今年も弥生のバージョンアップシーズンがやってきた。新シリーズのキーワードは「愚直な実践」。イヤというほどの顧客目線で、弥生は今年もトップシェアを走る。会計ソフトとは関係ないような新サービスの展開、新会計制度への対応、低価格製品との対抗など、パワフルかつ個性満載の発表会を追う。
「Windows 7に完全対応した製品は、それほど多くはない」。弥生の代表取締役社長 岡本浩一郎氏は、12月4日にリリースする業務パッケージシリーズ“弥生”の新製品発表会で胸を張った。次の弥生は“10(イチゼロ)シリーズ”と名付けられ、Compatible with Windows 7ロゴ認証を取得。64ビットにも対応する。
新製品「弥生 10」シリーズは、
- 弥生会計 10
- 弥生販売 10
- 弥生給与 10
- やよいの青色申告 10
- やよいの給与計算 10
といったタイトルで構成される。いずれの製品も、今年のキーワードは「愚直な実践」。顧客の声に耳を傾け、そこから製品やサービスを展開していこうという意図の表われだ。顧客からの実施希望ナンバーワンだったHDD修復サービスまでやってしまおうというのだから、意気込みも並ではない。

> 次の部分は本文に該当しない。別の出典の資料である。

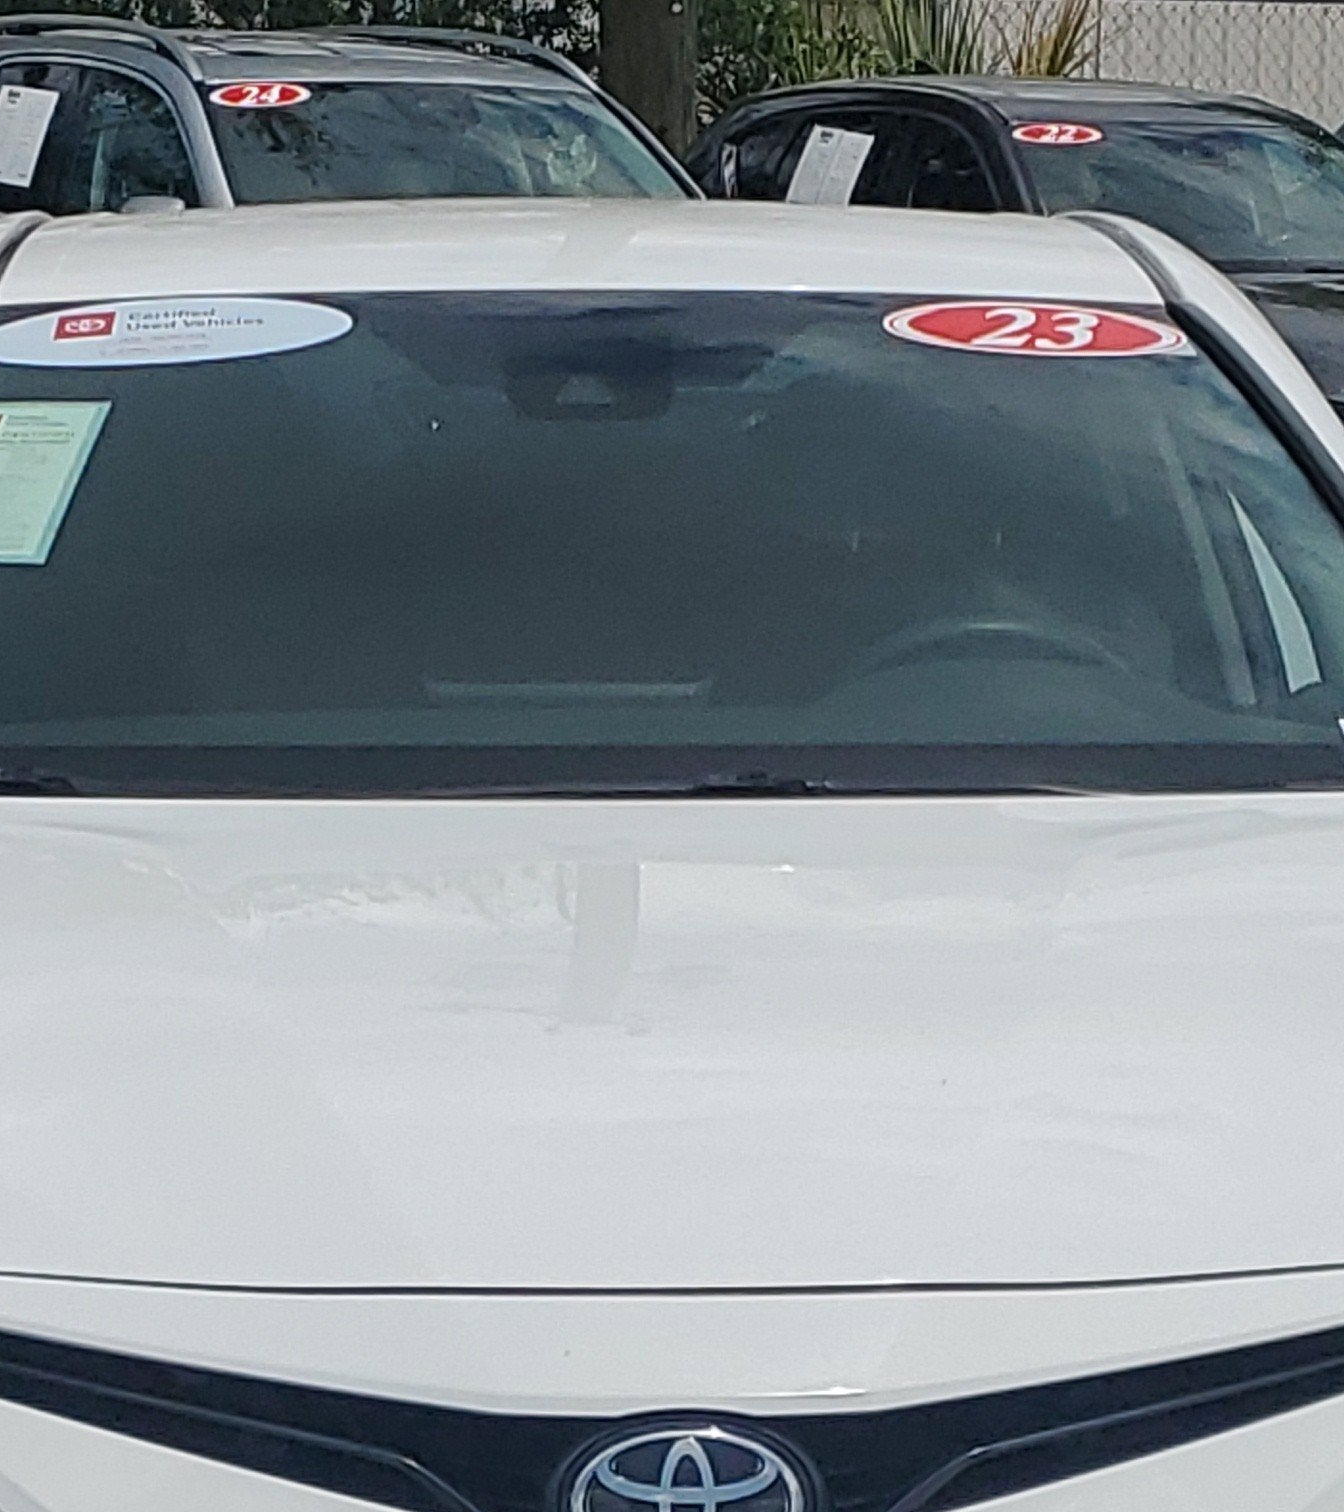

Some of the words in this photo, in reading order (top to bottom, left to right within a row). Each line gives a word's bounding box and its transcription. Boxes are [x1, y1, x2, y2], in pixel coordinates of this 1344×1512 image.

[239, 85, 282, 104] 24
[1038, 124, 1078, 142] 22
[970, 307, 1099, 349] 23

“愚直な実践”は、「サービスの強化」、「製品の強化」、「市場拡大に向けた努力」の3つの方向で行なわれる。
ここまでやる!
「あんしん」をキーワードにしたサービスの強化
弥生は従来から、大阪/札幌の2拠点に自社のコールセンターを置き、単なるヘルプデスクに留まらない、次期製品購入へのサポートも含めた形でのサポートサービスを提供してきており、これが弥生の強さにつながっていた(関連記事)。弥生 10ではさらに「あんしん」をキーワードに新たなるサービス・サポートの徹底強化を行なう。
まずは、「無料導入サポート」だ。ユーザー登録後、一定期間は導入を無料でサポートするわけだが、「弥生会計」、「弥生販売」、「弥生給与」は最大4カ月、「やよいの青色申告」、「やよいの給与計算」は最大3カ月間、このサービスが適用される。
「万が一、それでも導入できないというお客様に関しては、返品していただいてかまわない」(岡本社長)。こう言い切るくらい、導入には自信があるという。
このほか、前述したハードディスク復旧サービスも含め、いくつかのサポートを追加したわけだが、それら新サポートはいずれも「ソフトウェアサポートの範疇を超えているのでは?」と思われるものになっている。
弥生のサポートサポートサービス新メニュー
- 画面共有サポート
- 周辺ソフトウェアサポート
- ハードディスクデータ復旧
- PCトラブルサポート
いや、言い直すと、画面共有によるサポート以外は、もはやソフトウェアメーカーのやる仕事ではないだろう。これらは、弥生が顧客に対して実施した「非常に魅力を感じる」サービスは何か? というアンケートに依っている。
PCやソフトウェアに前向きではなく、しかもコンシューマ的なアプローチも採らなければいけないユーザーを顧客に抱えている、という状況がそうさせるのだろう。
言ってみれば、“顧客視点”というわけだが、こうした姿勢はマニュアルにも現われている。今回弥生は、操作マニュアルではなく「業務マニュアル」を提供する。
これは、年間の業務の流れに沿って、実際の取引を例に日々の帳簿や伝票の入力方法などを解説するもので、初心者の多い青色申告や会計、給与でPDFファイルとして提供される。ユーザーにとって、弥生の操作などできてもできなくてもいい。やりたいのは青色申告や会計である、という視点が貫かれているというわけだ。